LA GRÂCE DU MARTYRE

1 Th 2, 1-14 ; Lc 21, 12-19
St Pothin et Ste Blandine - (2 juin 2008)
Homélie du Frère Jean-Philippe REVEL

 

F

rères et sœurs, les saints martyrs que nous célébrons aujourd'hui sont des figures hautes de notre tradition. Ils ont vécu pour le Christ, ils sont morts pour lui. Le vieil évêque Pothin qui meurt d'épuisement dans la prison, Blandine, une petite fille faible, mais qui a revêtu le Christ.
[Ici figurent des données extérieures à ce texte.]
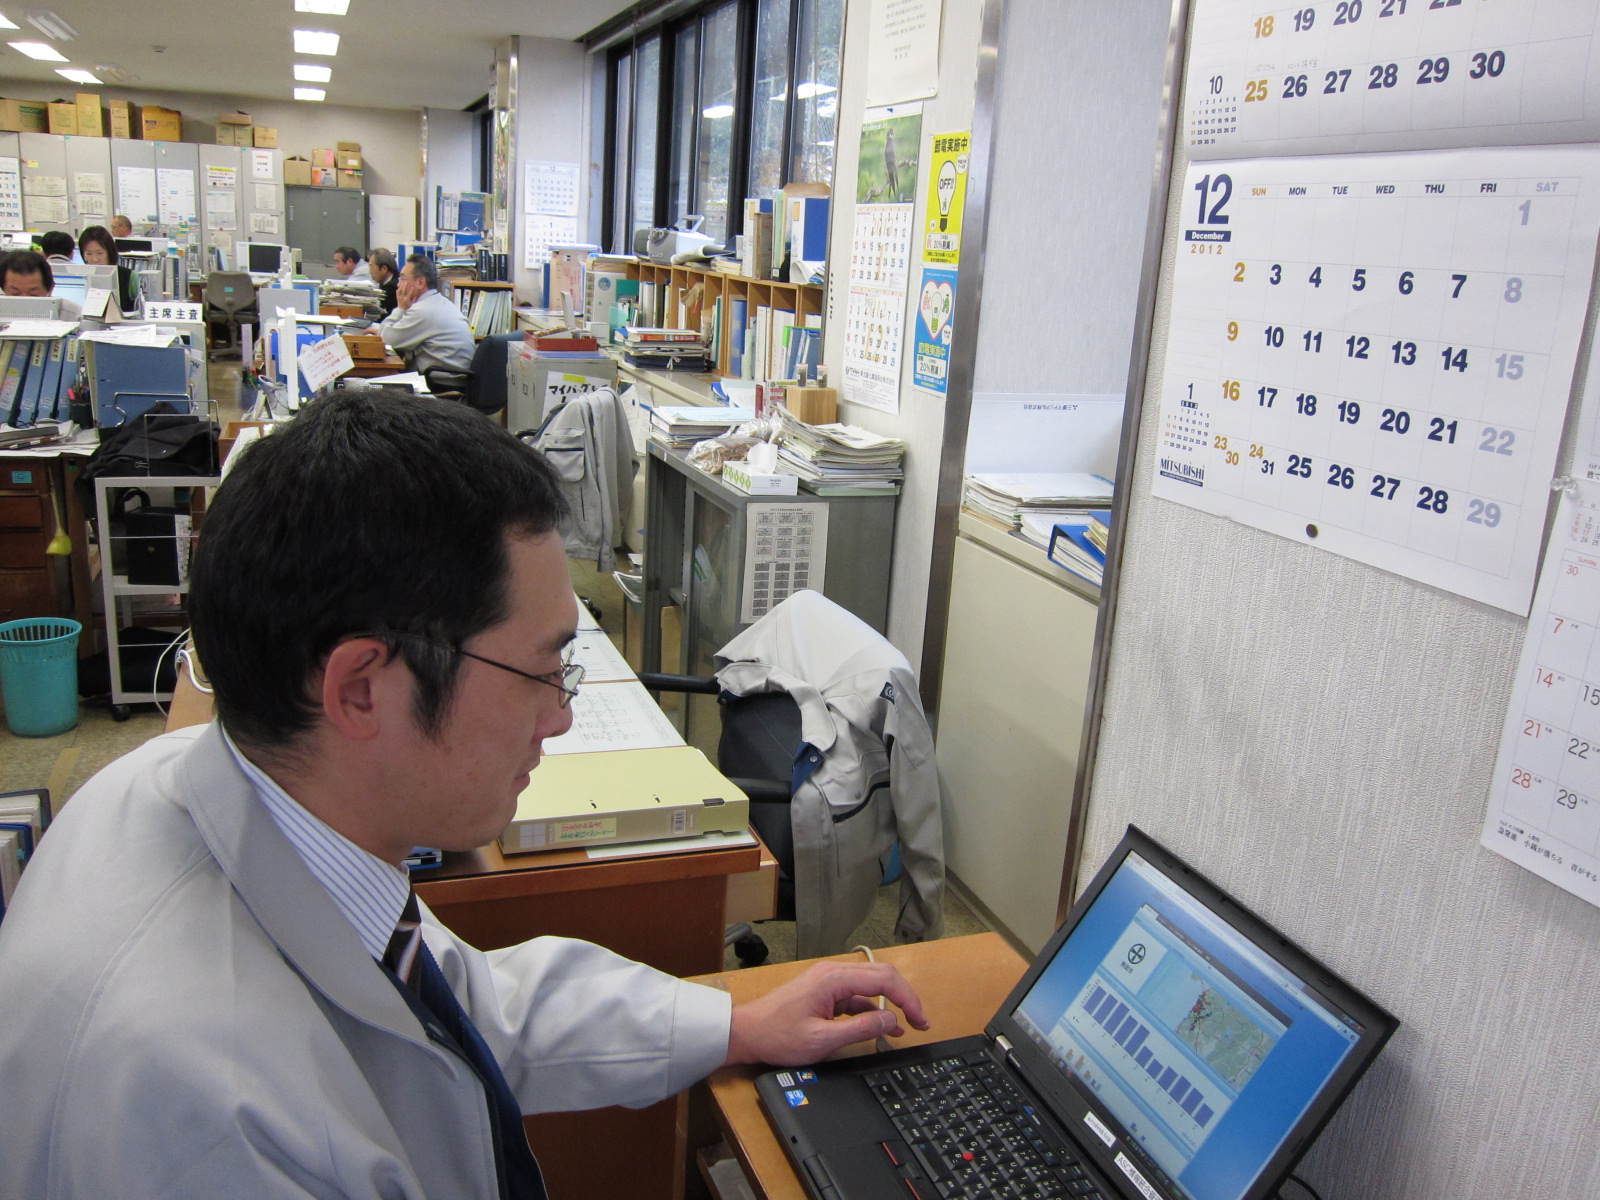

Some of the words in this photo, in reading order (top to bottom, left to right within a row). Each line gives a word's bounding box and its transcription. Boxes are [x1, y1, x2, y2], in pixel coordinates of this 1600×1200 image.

[1255, 16, 1274, 38] 18
[1294, 8, 1315, 32] 19
[1333, 0, 1362, 25] 20
[1379, 0, 1406, 18] 21
[1210, 76, 1222, 94] 10
[1245, 80, 1267, 102] 25
[1283, 75, 1307, 98] 26
[1323, 69, 1351, 94] 27
[1368, 64, 1398, 89] 28
[1417, 57, 1449, 84] 29
[1470, 51, 1505, 79] 30
[1195, 174, 1232, 224] 12
[1289, 187, 1306, 195] MON
[1333, 186, 1348, 194] TUE
[1376, 185, 1395, 194] WED
[1425, 185, 1445, 193] THU
[1481, 183, 1497, 192] FRI
[1536, 182, 1559, 192] SAT
[1519, 200, 1531, 225] 1
[1191, 244, 1222, 254] 2012
[1192, 232, 1224, 241] December
[1234, 262, 1245, 281] 2
[1270, 264, 1281, 285] 3
[1309, 267, 1321, 287] 4
[1352, 269, 1366, 291] 5
[1399, 271, 1414, 295] 6
[1452, 274, 1467, 298] 7
[1504, 278, 1522, 303] 8
[149, 306, 198, 320] 主席主査
[1228, 322, 1238, 341] 9
[1265, 326, 1284, 347] 10
[1304, 331, 1322, 352] 11
[1346, 336, 1370, 359] 12
[1392, 341, 1416, 365] 13
[1442, 347, 1468, 372] 14
[1496, 354, 1524, 380] 15
[1188, 383, 1193, 399] 1
[1223, 380, 1240, 400] 16
[1258, 387, 1277, 407] 17
[1296, 393, 1317, 416] 18
[1338, 401, 1360, 424] 19
[1380, 409, 1410, 434] 20
[1428, 418, 1457, 444] 21
[1479, 427, 1515, 456] 22
[1160, 456, 1205, 480] MITSUBISHI
[1225, 450, 1239, 466] 30
[1261, 460, 1274, 475] 31
[1214, 435, 1228, 450] 23
[1249, 444, 1264, 459] 24
[1287, 455, 1312, 478] 25
[1328, 464, 1354, 489] 26
[1371, 475, 1400, 500] 27
[1417, 487, 1448, 514] 28
[1467, 499, 1501, 527] 29
[1566, 565, 1578, 575] 30
[1578, 556, 1597, 567] Sunday
[1554, 618, 1564, 633] 7
[1537, 668, 1552, 687] 14
[1583, 686, 1600, 706] 15
[1524, 720, 1540, 738] 21
[1568, 738, 1589, 759] 22
[1512, 769, 1531, 788] 28
[1557, 789, 1577, 809] 29
Aussi, nous disent les témoins de leur martyre, elle put entrer dans l'amphithéâtre pleine de joie et d'allégresse, comme si elle était invitée à un repas de noces.

Dans l'évangile que nous venons d'entendre, Jésus nous prévient que ce n'est pas nous qui devons témoigner, c'est lui et sa grâce qui témoignent en nous : "Mettez-vous donc dans l'esprit que vous n'avez pas à préparer votre défense, c'est moi qui vous donnerai un langage et une sagesse à quoi nul de vos adversaires ne pourra résister". Les propres compagnons de Blandine étaient dans la crainte à cause de sa fragilité et la faiblesse de son jeune âge, mais le Christ lui a donné le langage de la sagesse à quoi rien n'a pu résister. Alors que non seulement l'évêque saint Pothin, et tous ses compagnons étaient déjà morts, qu'elle seule restait, elle a soutenu le combat plusieurs jours durant, elle n'a pas succombé, elle est sortie victorieuse parce que sa vie on ne la lui enlève pas, c'est elle qui la donne comme l'a dit le Christ, et nous marchons à la suite du Christ.

Ce n'est pas la force humaine, ce ne sont pas les qualités d'expérience, d'âme, d'âge, qui aident à être témoin du Christ, c'est la grâce toute pure, la grâce du Christ qui a transformé cette jeune fille en une martyre parmi les plus grandes de l'histoire de l'Église. C'est de cela que nous sommes nourris.

Frères et sœurs, souvent des chrétiens n'osent pas parler de leur foi devant d'autres. Interrogés par des amis, des collègues de travail, ou des connaissances, ils ont peur de ne pas savoir proclamer leur foi comme si c'était nous qui étions témoins et non pas l'Esprit Saint en nous, non pas la grâce du Christ qui nous est donnée. Ne soyons pas timorés comme si tout se mesurait à l'aune de nos capacités. Sachons laisser la place dans notre vie, dans notre action, dans nos paroles, au Christ lui-même comme il nous l'a promis. Il sera présent avec nous tous les jours jusqu'à la fin du monde.